REQUIREMENT:
Return the data exactly, without pictures.

Data excerpts
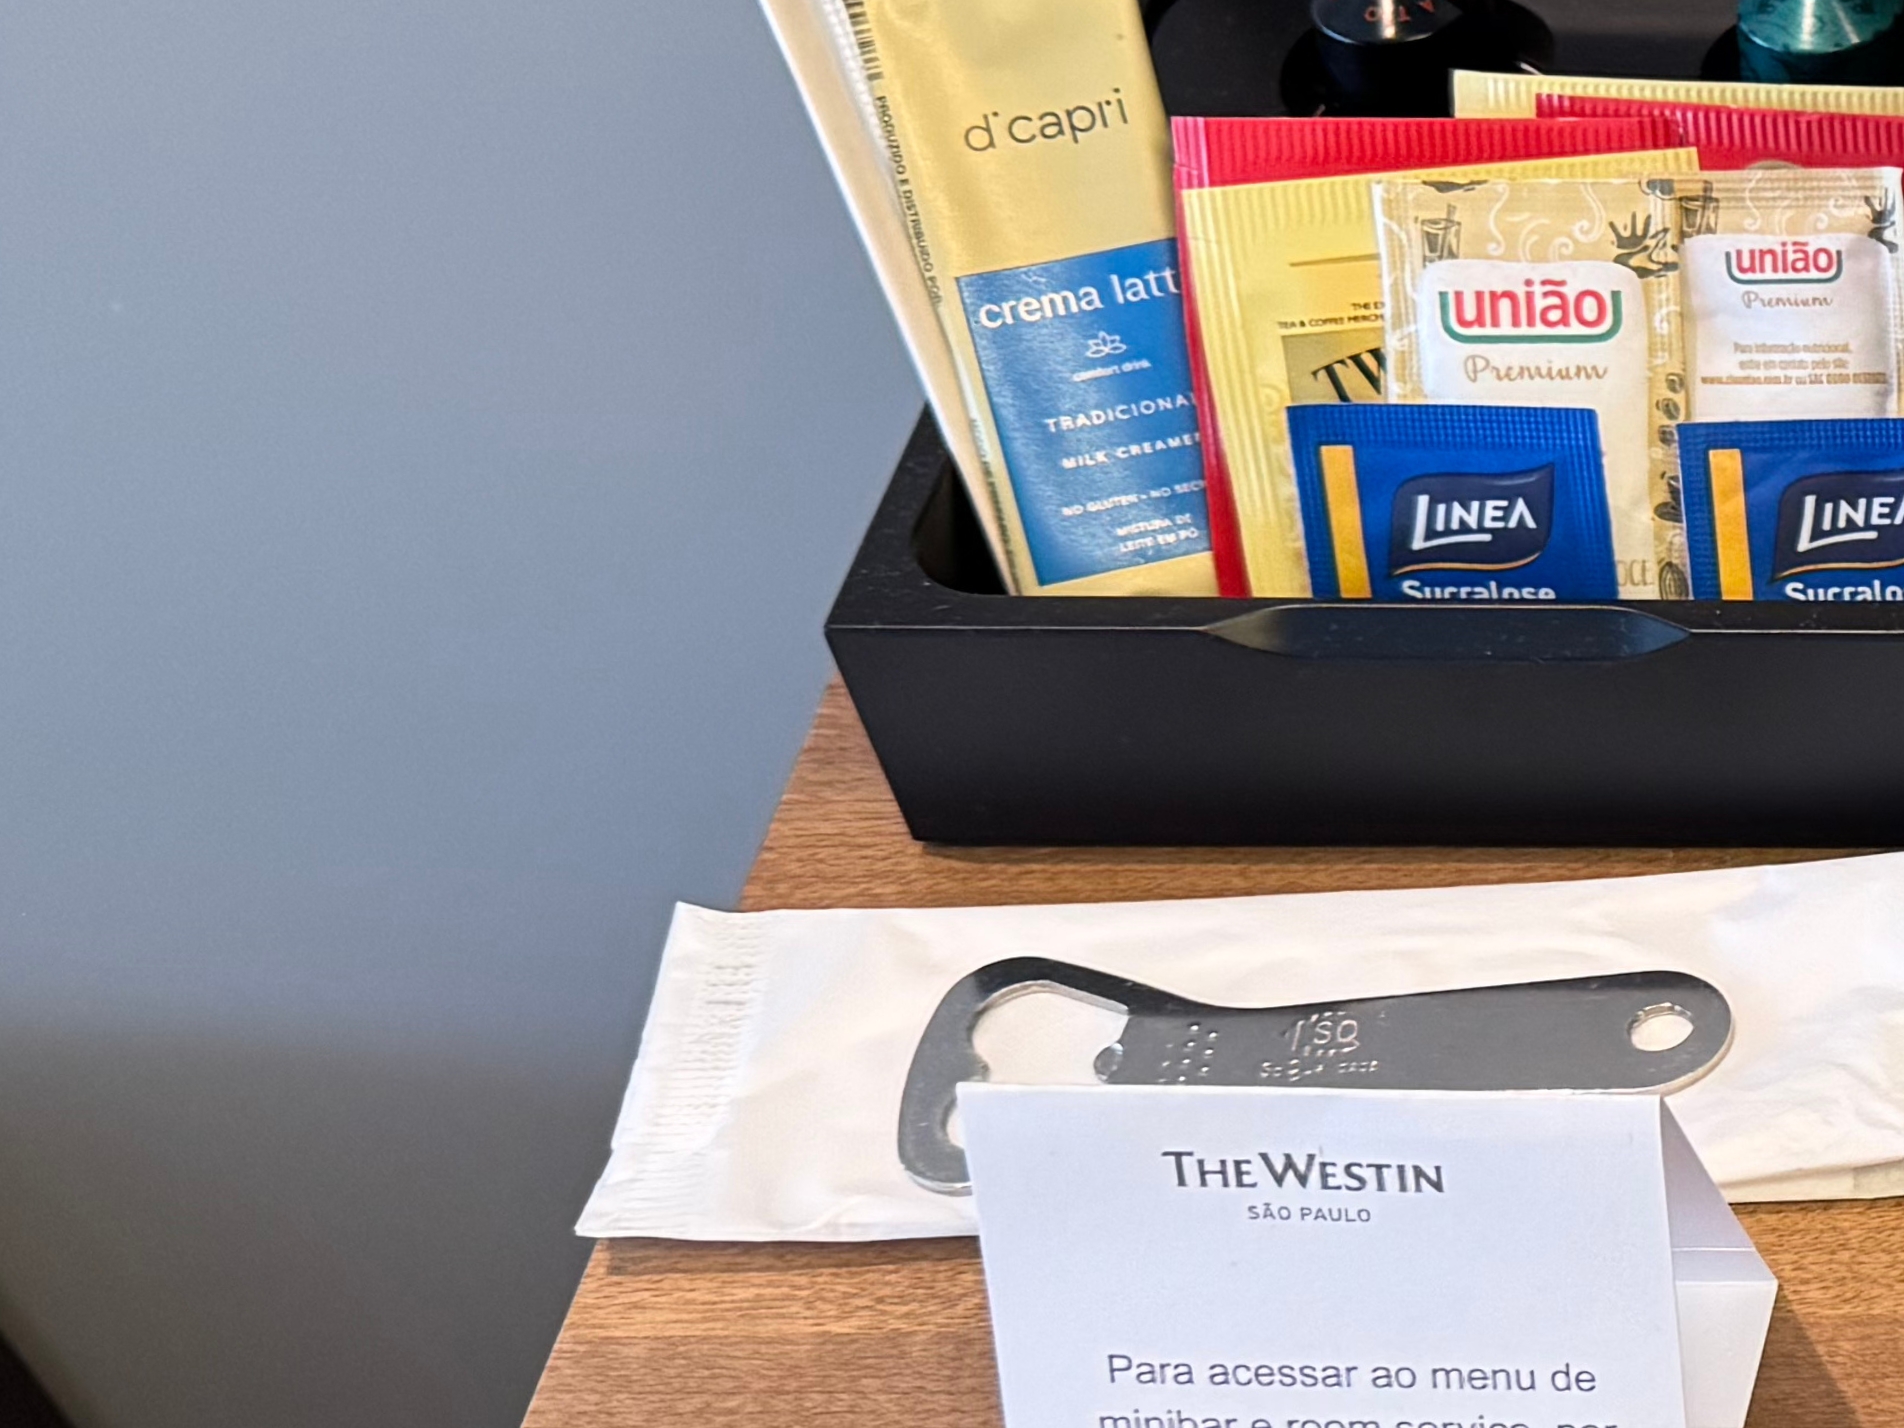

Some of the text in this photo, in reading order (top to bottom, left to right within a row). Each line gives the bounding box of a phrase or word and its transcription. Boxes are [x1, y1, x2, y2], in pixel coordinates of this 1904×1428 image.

[963, 87, 1130, 152] d'capri
[1735, 241, 1838, 275] união
[977, 266, 1182, 329] crema latt
[1453, 278, 1608, 330] união
[1742, 290, 1834, 310] Premium
[1464, 354, 1608, 384] Premium
[1061, 449, 1111, 470] MILK
[1411, 494, 1538, 551] LINEA
[1161, 1150, 1445, 1194] THE WESTIN
[1247, 1202, 1371, 1223] SÃO PAULO
[1107, 1353, 1598, 1393] Para acessar ao menu de

ANSWER TO THE PROBLEM:
Some of the text in this photo, in reading order (top to bottom, left to right within a row). Each line gives the bounding box of a phrase or word and its transcription. Boxes are [x1, y1, x2, y2], in pixel coordinates of this 1904×1428 image.

[963, 87, 1130, 152] d'capri
[1735, 241, 1838, 275] união
[977, 266, 1182, 329] crema latt
[1453, 278, 1608, 330] união
[1742, 290, 1834, 310] Premium
[1464, 354, 1608, 384] Premium
[1061, 449, 1111, 470] MILK
[1411, 494, 1538, 551] LINEA
[1161, 1150, 1445, 1194] THE WESTIN
[1247, 1202, 1371, 1223] SÃO PAULO
[1107, 1353, 1598, 1393] Para acessar ao menu de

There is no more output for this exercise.